Die Verordnung halte den Staat funktionsfähig und erlaube ein besseres Ressourcenmanagement als mit den bisherigen Quarantäneregeln, sagte der stellvertretende Vorsitzende des Bundesrates, Sachsen-Anhalts Ministerpräsident Rainer Haseloff (CDU), vor der Abstimmung im Bundesrat. Er warnte allerdings davor, politisch zu übersteuern.

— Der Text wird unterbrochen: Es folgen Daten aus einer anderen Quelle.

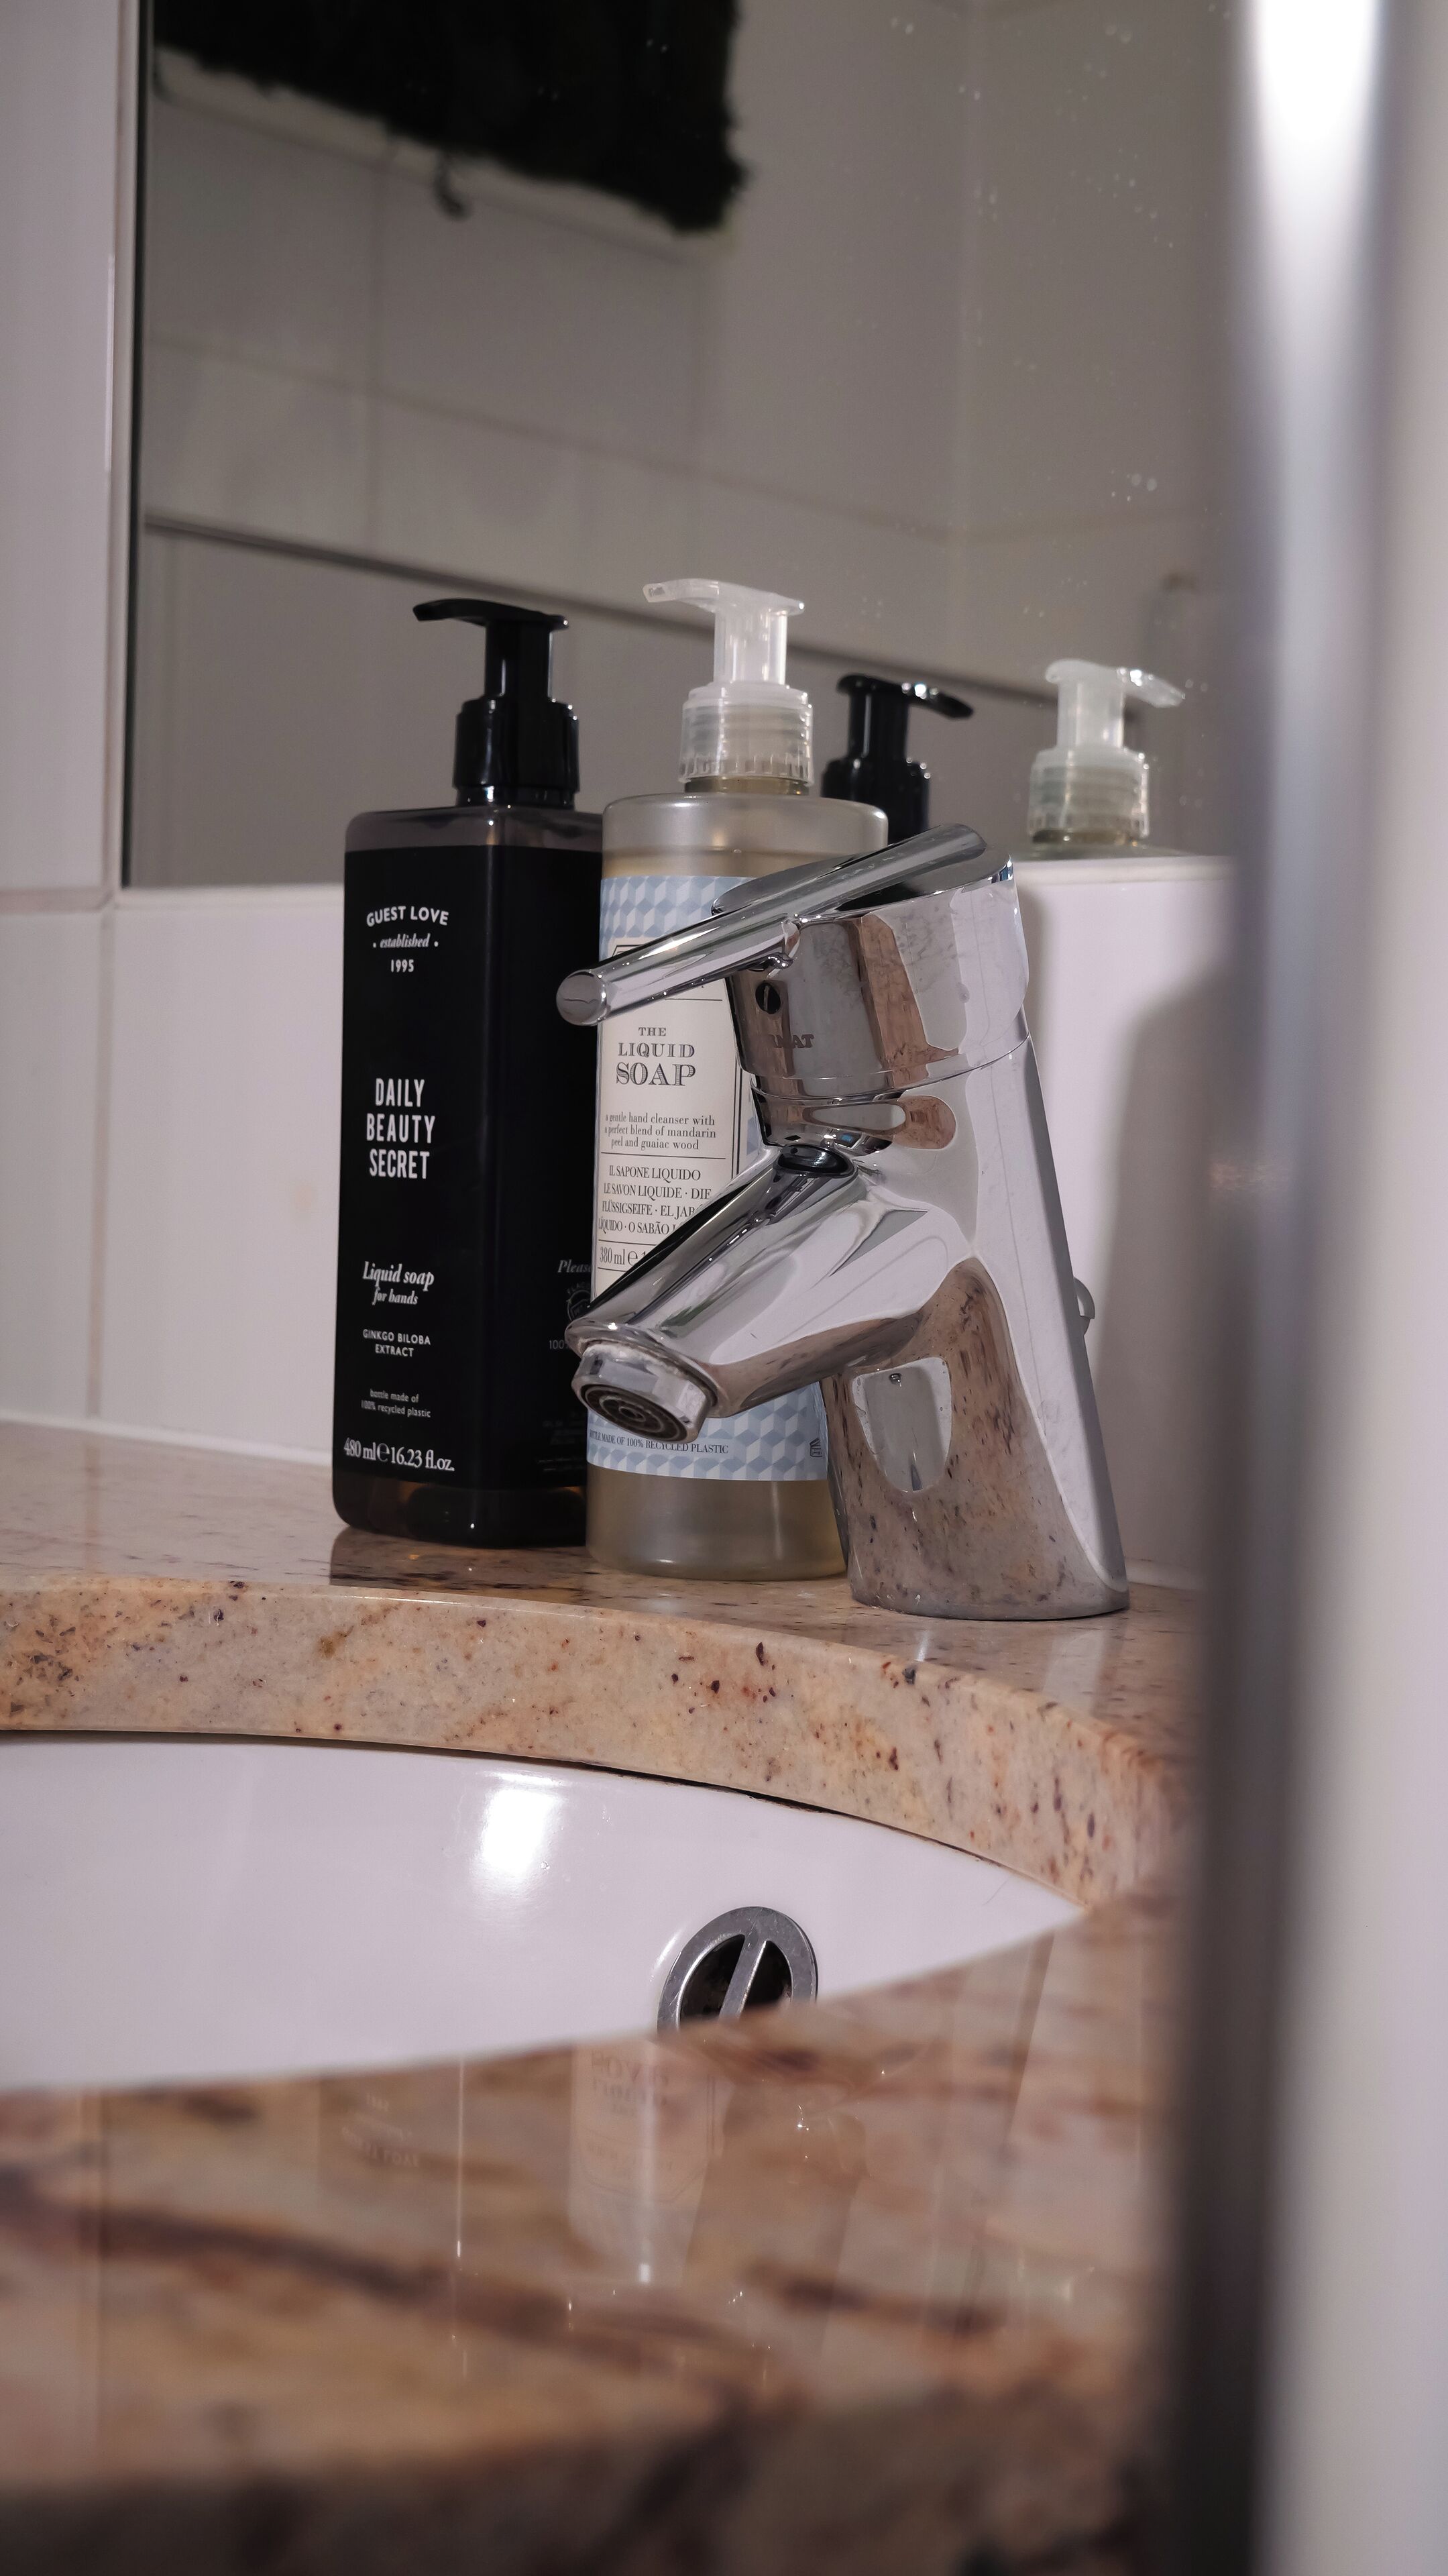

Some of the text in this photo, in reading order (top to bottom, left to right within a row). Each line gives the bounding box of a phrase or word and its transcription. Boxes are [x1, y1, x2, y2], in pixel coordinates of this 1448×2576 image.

[366, 906, 449, 927] GUEST LOVE
[380, 933, 431, 949] established
[391, 959, 414, 973] 1995
[638, 1026, 667, 1036] THE
[618, 1042, 695, 1058] LIQUID
[616, 1061, 696, 1087] SOAP
[375, 1078, 425, 1108] DAILY
[609, 1112, 627, 1124] gentle
[628, 1112, 648, 1123] hand
[651, 1113, 689, 1124] cleanser
[693, 1115, 715, 1126] with
[366, 1113, 435, 1144] BEAUTY
[608, 1124, 628, 1137] perfect
[630, 1124, 653, 1136] blend
[655, 1126, 665, 1136] of
[667, 1126, 716, 1138] mandarin
[611, 1136, 700, 1150] peel and guaiac wood
[369, 1148, 430, 1179] SECRET
[609, 1165, 701, 1183] IL SAPONE LIQUIDO
[604, 1183, 611, 1193] LE
[611, 1183, 636, 1196] SAVON
[638, 1185, 682, 1201] LIQUIDE
[602, 1199, 653, 1216] FLÜSSIGSEIFE
[661, 1205, 674, 1217] EL
[628, 1222, 636, 1233] O
[637, 1221, 669, 1235] SABÃO
[600, 1246, 613, 1264] 380
[614, 1248, 625, 1265] ml
[362, 1261, 435, 1291] Liquid soap
[372, 1287, 419, 1305] for hands
[363, 1329, 431, 1345] GINKGO BILOBA
[376, 1344, 414, 1356] EXTRACT
[390, 1392, 409, 1402] made
[411, 1394, 419, 1403] of
[378, 1405, 405, 1415] recycled
[407, 1407, 431, 1417] plastic
[601, 1433, 616, 1444] MADE
[616, 1436, 626, 1445] OF
[627, 1437, 644, 1448] 100%
[645, 1440, 689, 1452] RECYCLED
[691, 1444, 729, 1454] PLASTIC
[343, 1437, 361, 1458] 480
[362, 1442, 376, 1460] ml
[390, 1446, 423, 1468] 16.23
[425, 1449, 455, 1471] fl.oz.

Die Verordnung sieht Anpassungen der Vorgaben je nach aktuellen Entwicklungen wissenschaftlicher Erkenntnisse beim Robert Koch-Institut und dem Paul-Ehrlich-Institut vor, beides dem Gesundheitsministerium unterstellte Bundesoberbehörden.

Lauterbach: Wissenschaft bleibt Maßstab

Die Quarantänezeiten seien „so stark verkürzt wie medizinisch möglich“, sagte Gesundheitsminister Lauterbach bei seinem ersten Auftritt als Gesundheitsminister vor dem Plenum des Bundesrates.

Er sagte zu, dass die Verordnung so umgesetzt werde wie besprochen. Veränderungen würden allein auf wissenschaftlicher Grundlage ohne Beeinflussung durch den Minister vorgenommen.